Jinxia Wang, Ziwen Zhang, Aiyu Li, Xianghao Xiao, Xiangyang Shi, Mingwu Shen
Abstract
Open AccessDeveloping simple blood-brain barrier (BBB)-crossing nanoplatforms capable of overcoming the restrictions of BBB and the immunosuppressive tumor microenvironment (TME) still remains challenging. Herein, we develop a dual pH/reactive oxygen species-responsive dendrimer nanogel (DNG) platform based on generation 3 poly(amidoamine) (G3 PAMAM) dendrimers for co-delivery of the hypoxia-activated prodrug tirapazamine (TPZ) and the immunomodulatory cytokine interferon-gamma (IFN-γ).

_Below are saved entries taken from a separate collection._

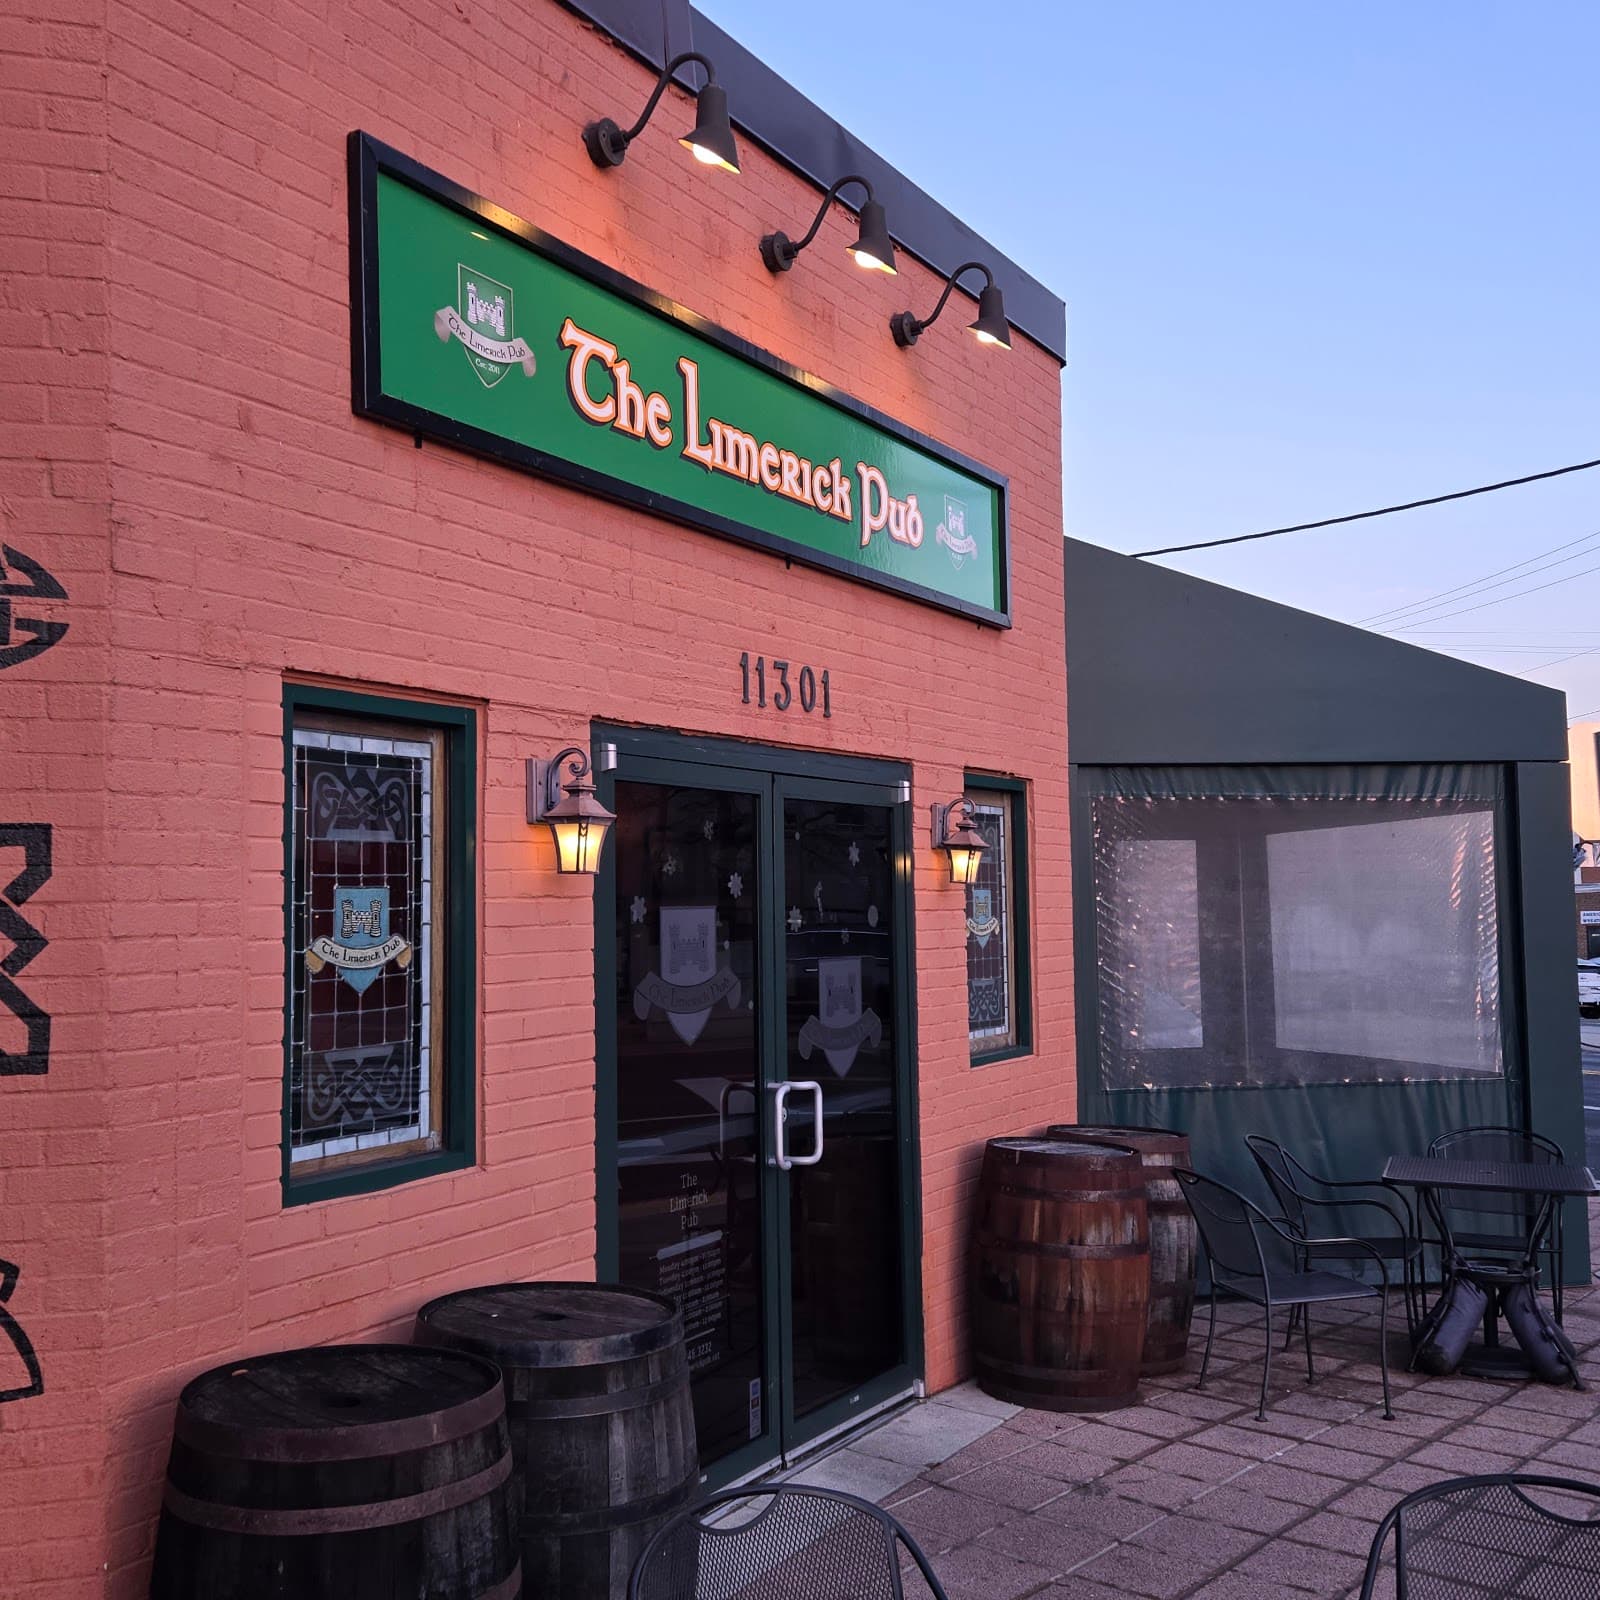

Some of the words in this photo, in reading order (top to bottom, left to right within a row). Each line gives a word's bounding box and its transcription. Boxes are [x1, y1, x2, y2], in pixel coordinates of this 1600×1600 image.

[448, 313, 466, 340] The
[469, 331, 507, 359] Limerick
[507, 345, 526, 360] Pub
[557, 316, 674, 449] The
[677, 356, 853, 523] Limerick
[856, 460, 925, 550] Pub
[739, 652, 832, 718] 11301
[321, 940, 340, 960] The
[343, 948, 381, 963] Limerick
[382, 938, 401, 958] Pub
[680, 1172, 698, 1189] The
[670, 1189, 709, 1213] Limerick
[681, 1211, 698, 1230] Pub
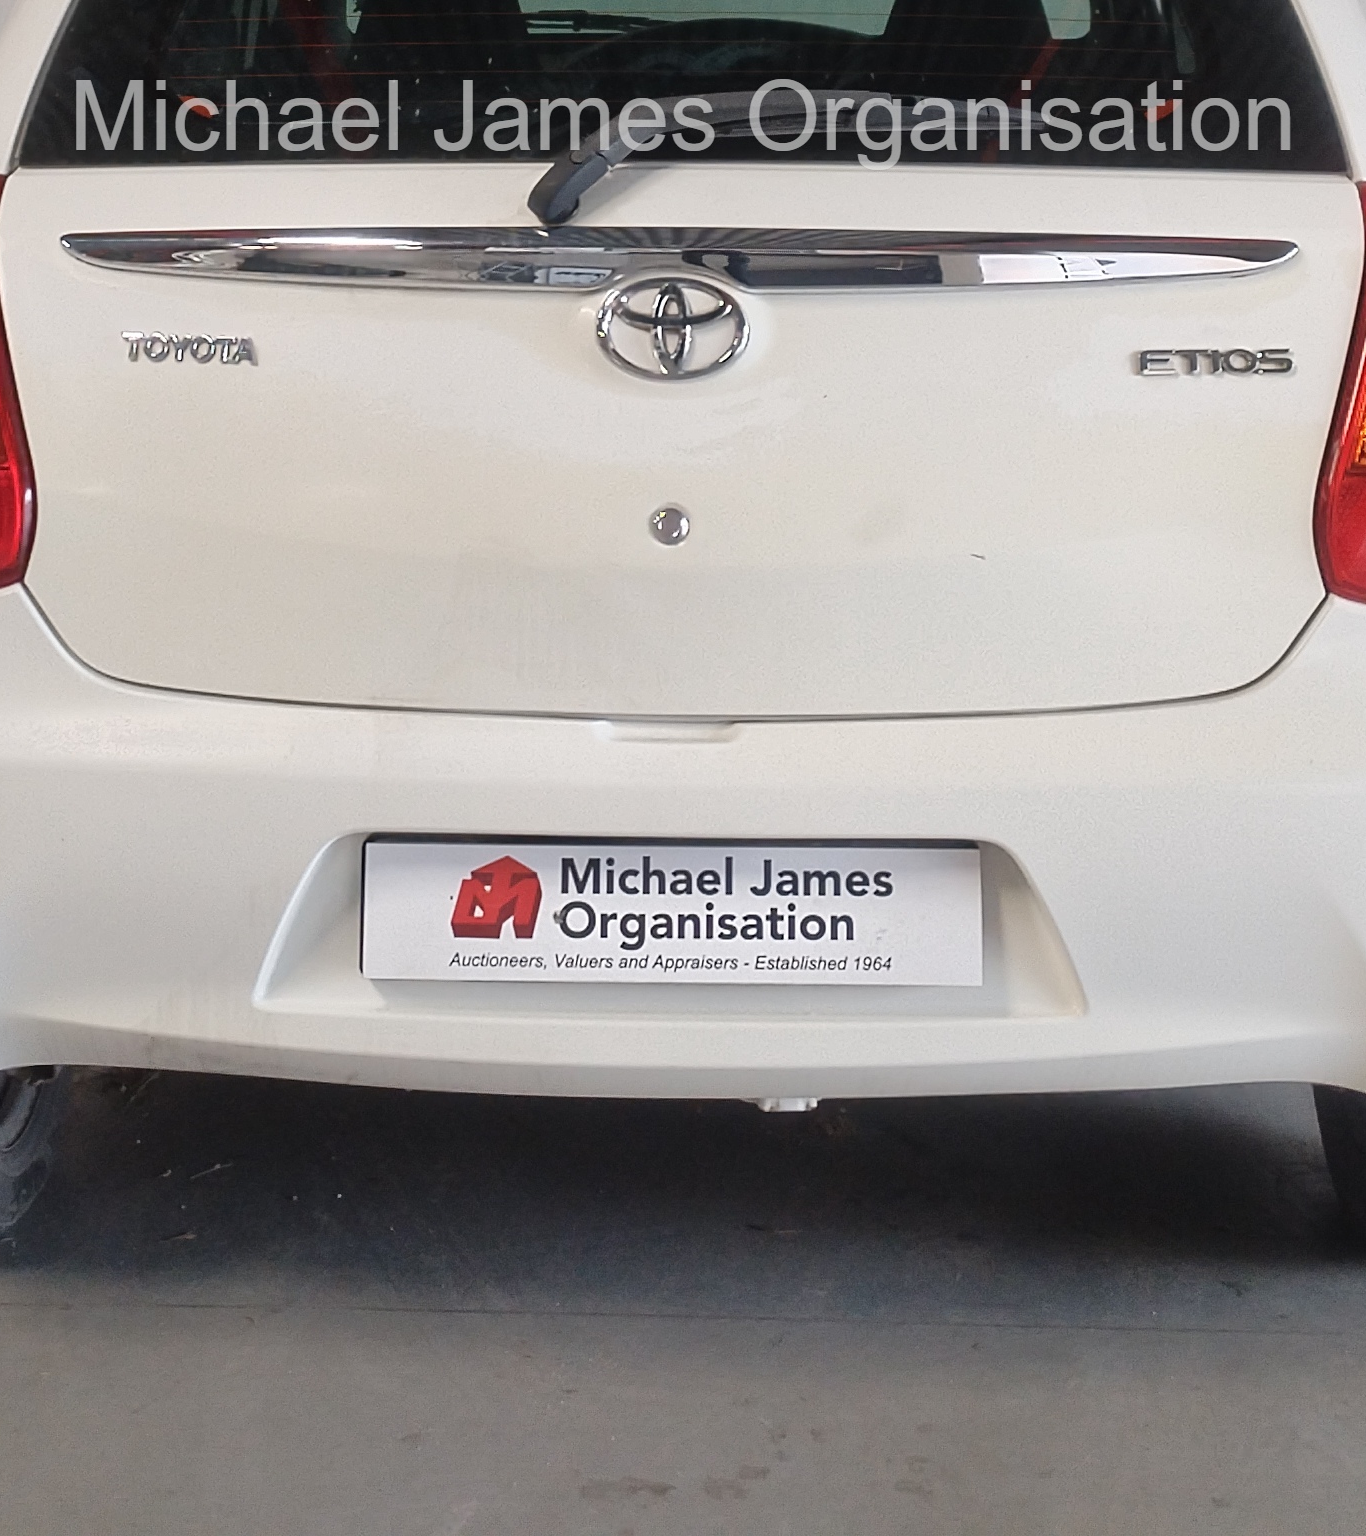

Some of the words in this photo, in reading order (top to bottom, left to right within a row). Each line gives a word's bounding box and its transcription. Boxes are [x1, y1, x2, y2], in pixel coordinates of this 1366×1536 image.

[121, 331, 258, 366] TOYOTA
[1139, 348, 1294, 376] ETIOS
[561, 856, 733, 895] Michael
[750, 859, 893, 896] James
[559, 901, 854, 950] Organisation
[449, 952, 546, 969] Auctioneers,
[556, 954, 613, 968] Valuers
[619, 955, 649, 968] and
[652, 955, 738, 972] Appraisers
[755, 955, 848, 970] Established
[855, 956, 891, 971] 1964

First, DNGs were synthesized by crosslinking hydroxylated G3 PAMAM dendrimers partially modified with phenylboronic acid (PBA) with dual PBA-terminated poly(ethylene glycol) via a reverse microemulsion method, followed by physical loading of TPZ within the DNGs and surface complexation of IFN-γ. The prepared DNGs-TPZ/IFN-γ with a size of 72.5 nm display a desired colloidal stability, and can release TPZ and IFN-γ under the TME condition to induce cancer cell death through TPZ-mediated cytotoxic radical generation and IFN-γ-induced upregulation of pro-apoptotic pathway. Moreover, the released IFN-γ is able to promote macrophage M1 polarization, dendritic cell maturation, T lymphocyte activation, and regulatory T cell suppression. Leveraging the rich hydroxyl groups and the enhanced permeability and retention effect of DNGs, the DNGs-TPZ/IFN-γ can penetrate the BBB and demonstrate potent therapeutic efficacy in an orthotopic mouse glioma model. The developed DNGs-TPZ/IFN-γ with a simple composition may be developed to co-deliver drugs and cytokines to tackle other cancer types.